Scaling on AWS for your first 10 million users

YouTube

Updated version of talk given every year by developer advocates responsible for startups. Not very technical but helpful to see the overall story.

  • Journey for startup has changed drastically
  • Used to start with single EC2 instance, then split into layers, distribute across AZs
  • Frontends now all rich clients based on frameworks like react and flutter. Use AWS amplify to take code in repo, transform as needed and deploy to hosted platform behind CloudFront.
    • continuous workflows, custom domain setup, feature branch deployments, atomic deployments, global availability
  • On backend most people now start with managed compute and managed database
  • APIs exposed via API gateway, ALB or AWS AppSync (GraphQL)
  • AWS App Runner - build/deploy/run containerized web apps and API servers
  • Database - start with SQL databases (Aurora serverless v2) until you need NoSQL
  • Gives you a single region, multi-AZ, scalable stack to start off with
  • Need to make changes to scale >10K users
  • Frontend: tuning, reducing backend calls, caching content more effectively
    • Need to measure before we can tune - CloudWatch/X-Ray
    • ML driven recommendations - DevOps Guru and CodeGuru
  • Database:
    • Add read replicas for read heavy traffic, add RDS proxy to manage connection from large number of instances.
    • Add caching - ElastiCache
  • Backend:
    • App Runner uses ECS Fargate. Limited to 200 concurrent requests per instance and 25 instances per service = 5000 concurrent requests
    • Can squeeze out more by tuning - looking at slow db queries, more caching.
  • Overall gets you to 100K maybe 1M users
    • Need more scale than App Runner can provide
    • DB writes start to become a bottleneck
    • Next step is to break system into multiple micro-services
    • Before that can look at DB federation. Keep monolithic app server tier but break DB into multiple DBs by function/purpose
    • At some point will need to look at sharding SQL or shifting to NoSQL
    • In backend tier may need to directly manage ECS rather than using app runner, look at different forms of compute, move from sync to async, look at event driven architectures

Architecting secure serverless applications

YouTube

Lots of recommendations for specific things you can do to get security right for serverless applications. QR codes with links to further reading embedded in each slide.
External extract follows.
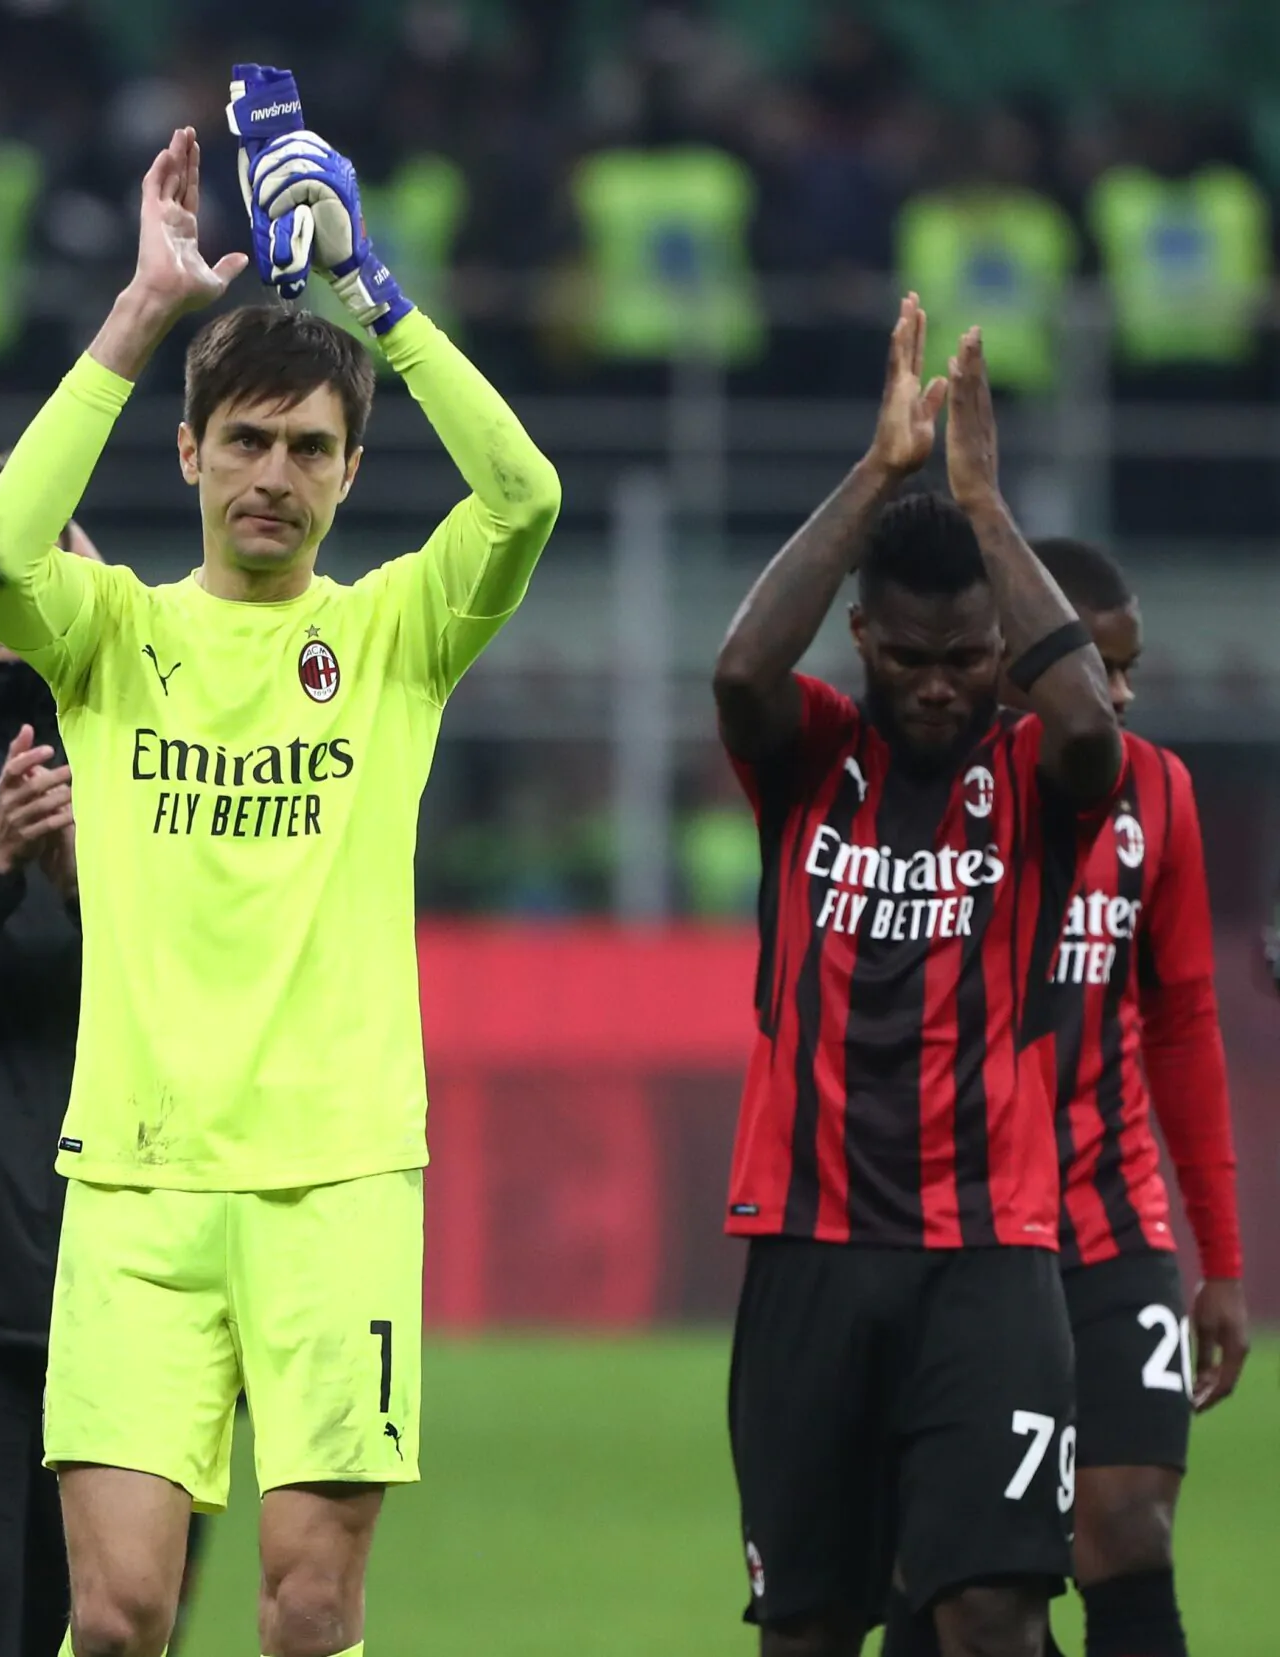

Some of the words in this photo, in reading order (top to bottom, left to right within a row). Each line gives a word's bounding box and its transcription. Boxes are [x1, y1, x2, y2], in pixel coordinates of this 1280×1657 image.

  • Shifting responsibility for security to AWS and shift left to developers in your org
  • Serverless = small pieces, loosely joined
  • Use IAM for access control rather than VPC
  • Use least privilege principles
  • Serverless means AWS handles more infrastructure security responsibilities
  • Lambda: be aware of sandbox reuse during warm start - be careful when storing sensitive data in memory or /tmp
  • shift left: defense in depth, secure each component (e.g. using IAM)
  • Lambda IAM: function policy controls who can invoke function, execution role controls what function can do
  • Start narrow (no privileges) and add stuff. Look carefully at any wildcard * in policy.
  • AWS SAM policy templates cover lots of common least privilege cases
  • New Lambda function urn that can restrict permissions to a specific function urn rather than anything with the appropriate role
  • SQS now supports attribute based access controls (using message attributes)
  • Separate secrets from code. Use AWS secrets manager, not environment variables. Can then restrict permission to load secret to your Lambda. Load secret on init or each invoke as appropriate.
  • Validate untrusted event payloads. Validate before processing, before parsing. Use strict typing, add additional constraints to open ended types like strings.
  • ABAC makes management of large systems more scalable
    • Policy that requires function to be tagged on create
  • Permission boundaries allows controlled delegation of policy creation to developers
  • Can control Lambda function access to internet by attaching it to a VPC and then using something like AWS network firewall. Expensive/scaling implications - only do if you really need it.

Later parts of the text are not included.